Because the hospital stocks the medication, patients could receive it while they are visiting the doctor directly from the hospital’s pharmacy, or have it sent to their home within 24 hours. Even with this system, however, doctors must fill out the appropriate forms from the CDC logging each patient who takes the drug.
For the most efficient access to the medication, Brooks of the CDC recommends that patients ask their doctors to register for compassionate use of TPOXX, or consult their local public health department for doctors who have already signed up and can receive the drug more quickly.

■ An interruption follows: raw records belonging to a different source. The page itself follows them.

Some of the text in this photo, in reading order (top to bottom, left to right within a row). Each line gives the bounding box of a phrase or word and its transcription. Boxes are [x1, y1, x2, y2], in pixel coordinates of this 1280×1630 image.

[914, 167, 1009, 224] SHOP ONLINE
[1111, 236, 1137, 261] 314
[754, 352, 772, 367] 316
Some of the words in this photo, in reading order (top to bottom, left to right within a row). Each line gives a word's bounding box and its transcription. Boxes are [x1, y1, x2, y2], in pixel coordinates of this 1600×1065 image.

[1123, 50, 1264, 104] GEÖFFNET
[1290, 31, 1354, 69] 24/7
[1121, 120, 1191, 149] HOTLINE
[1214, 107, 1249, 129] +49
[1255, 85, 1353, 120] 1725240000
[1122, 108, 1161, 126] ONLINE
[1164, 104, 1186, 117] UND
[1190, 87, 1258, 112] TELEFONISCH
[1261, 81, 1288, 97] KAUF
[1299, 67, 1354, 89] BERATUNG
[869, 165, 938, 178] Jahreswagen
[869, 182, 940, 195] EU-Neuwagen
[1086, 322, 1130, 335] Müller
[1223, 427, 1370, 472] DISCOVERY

Will TPOXX be approved for monkeypox?
The FDA and CDC are looking for completed studies of TPOXX in people with monkeypox before expanding the drug’s current approval to include monkeypox. Even before the current outbreak, the National Institute of Allergy and Infectious Diseases, a branch of the National Institutes of Health (NIH), started a study of the drug among people infected with monkeypox in the Democratic Republic of Congo.

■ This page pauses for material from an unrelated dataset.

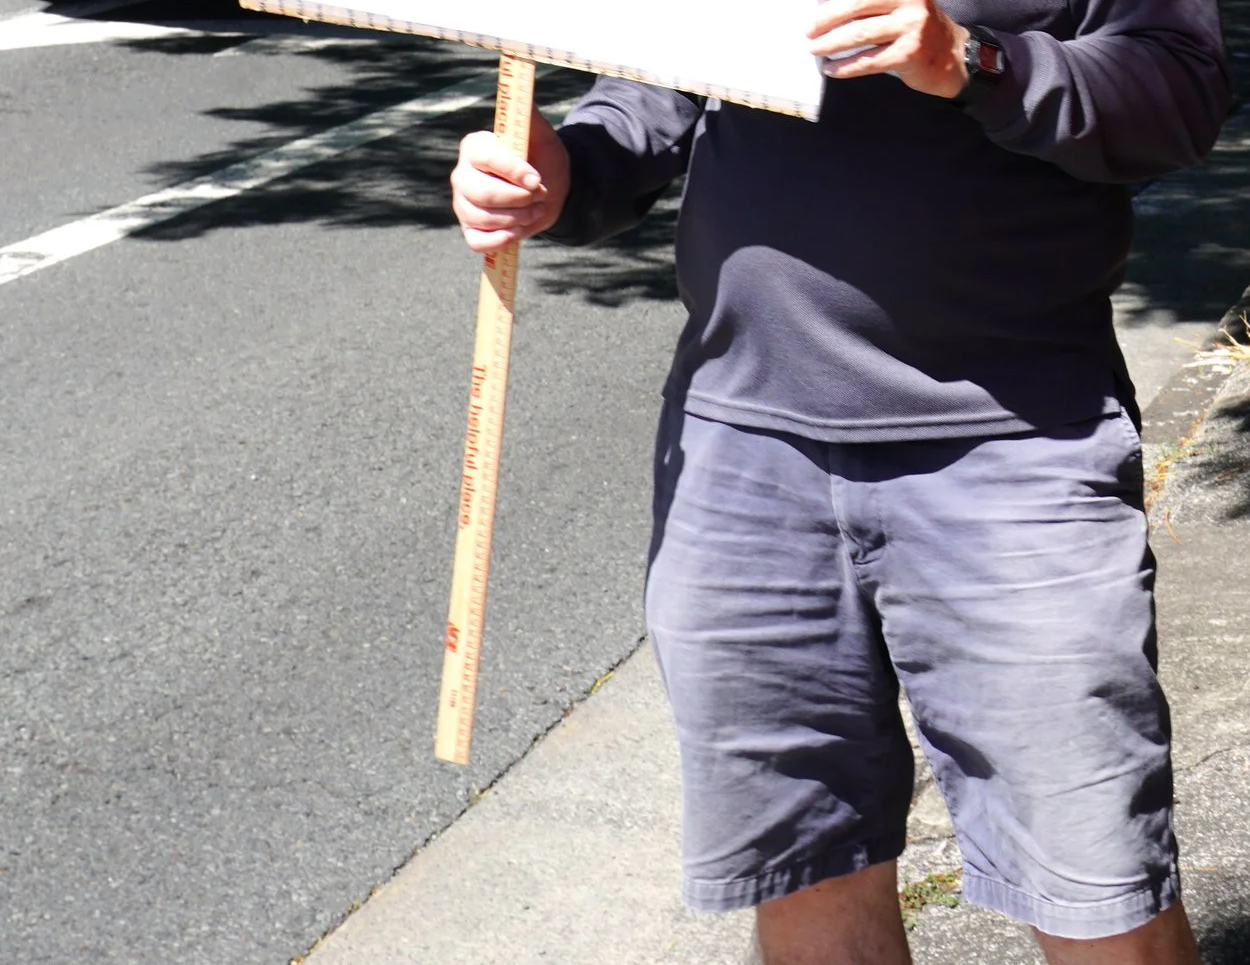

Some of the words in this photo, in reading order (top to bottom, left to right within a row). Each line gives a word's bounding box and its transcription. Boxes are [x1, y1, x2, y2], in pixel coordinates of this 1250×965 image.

[470, 365, 488, 399] The
[463, 404, 484, 470] helpful
[445, 620, 462, 654] ACE
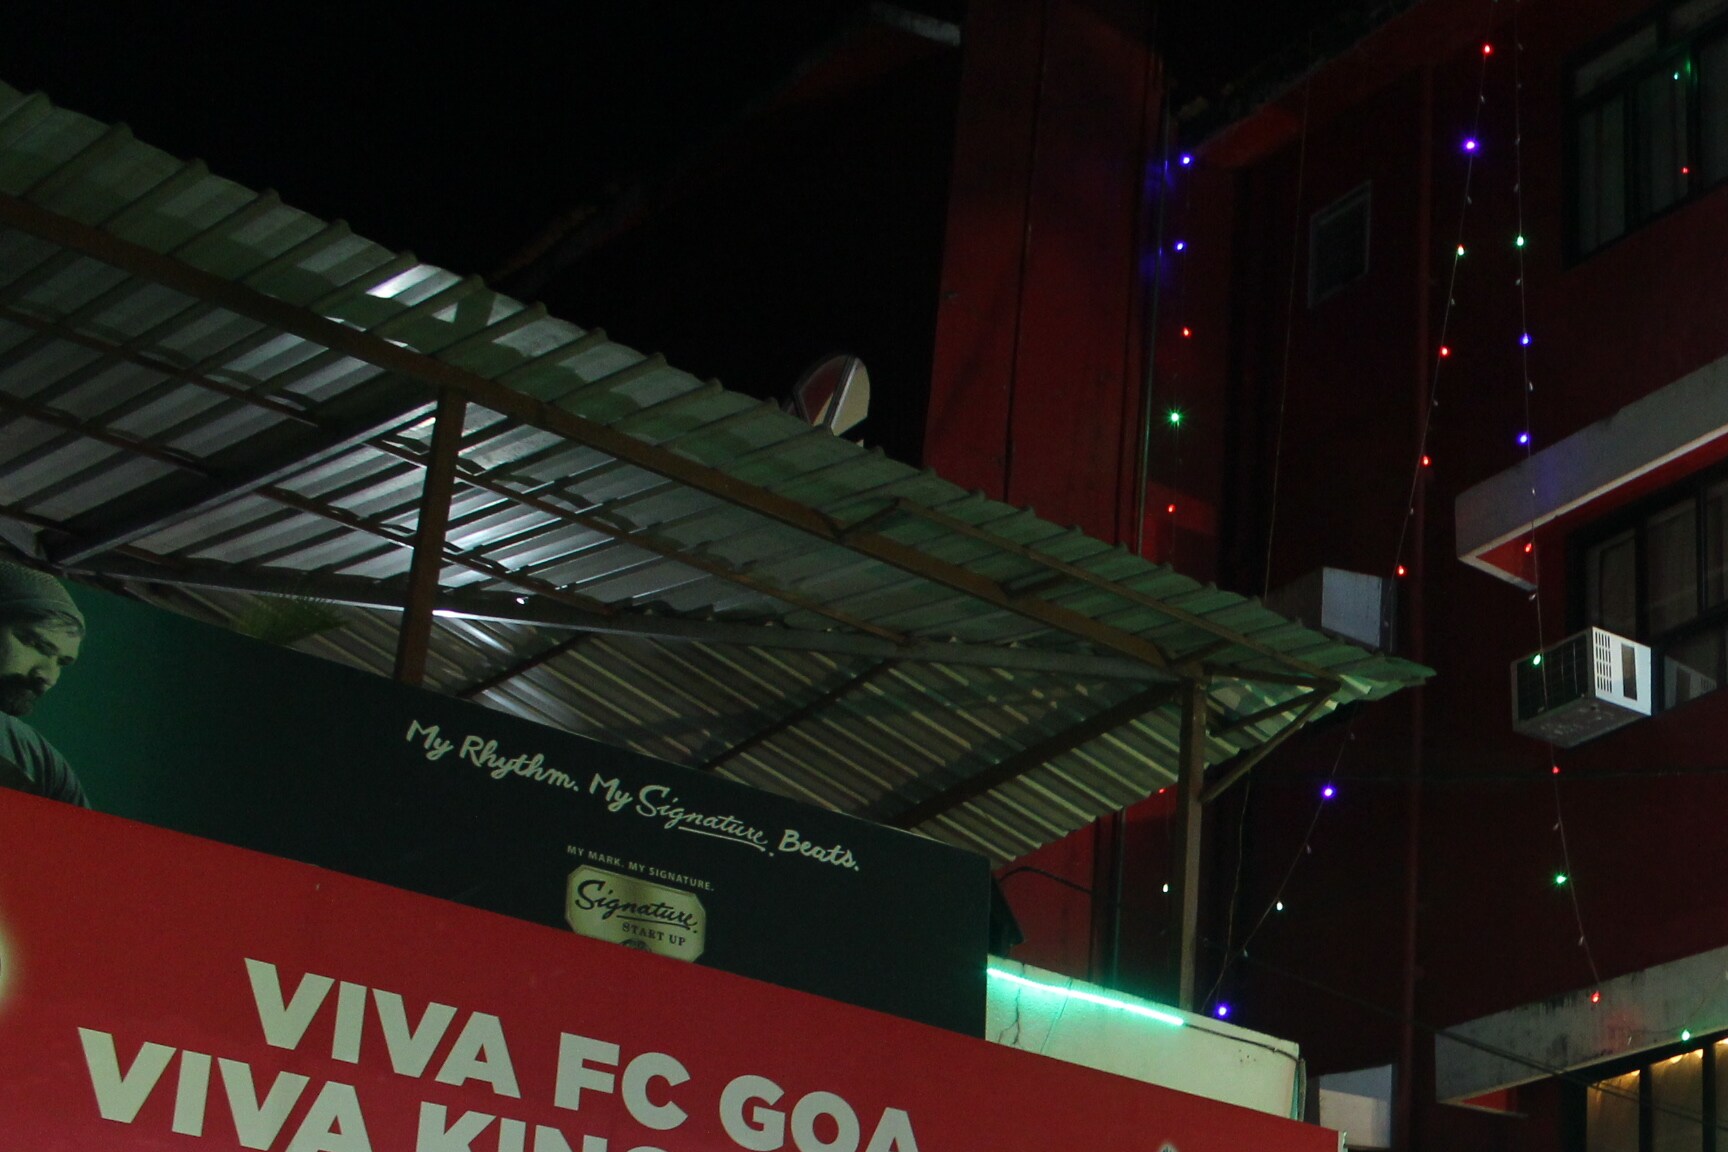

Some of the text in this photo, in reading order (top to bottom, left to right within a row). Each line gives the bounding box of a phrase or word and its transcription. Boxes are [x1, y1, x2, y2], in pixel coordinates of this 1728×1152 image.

Because of the outbreak, the AIDS Clinical Trials Group, operated by the NIH, is also launching a new study of monkeypox patients in the U.S. to better understand how effective the drug is in controlling symptoms, and also how it affects patients if given together with the monkeypox vaccine. Based on animal studies that SIGA has performed, Hruby says that the drug does not appear to interfere with the process of developing immunity among people who have been vaccinated with either of the monkeypox vaccines: Jynneos or ACAM2000. The company had already begun studying healthy people who have been both vaccinated and then given TPOXX to determine if the combination is safe; the data will also help researchers to better understand how the immune system reacts to both the drug and vaccine if they are given together.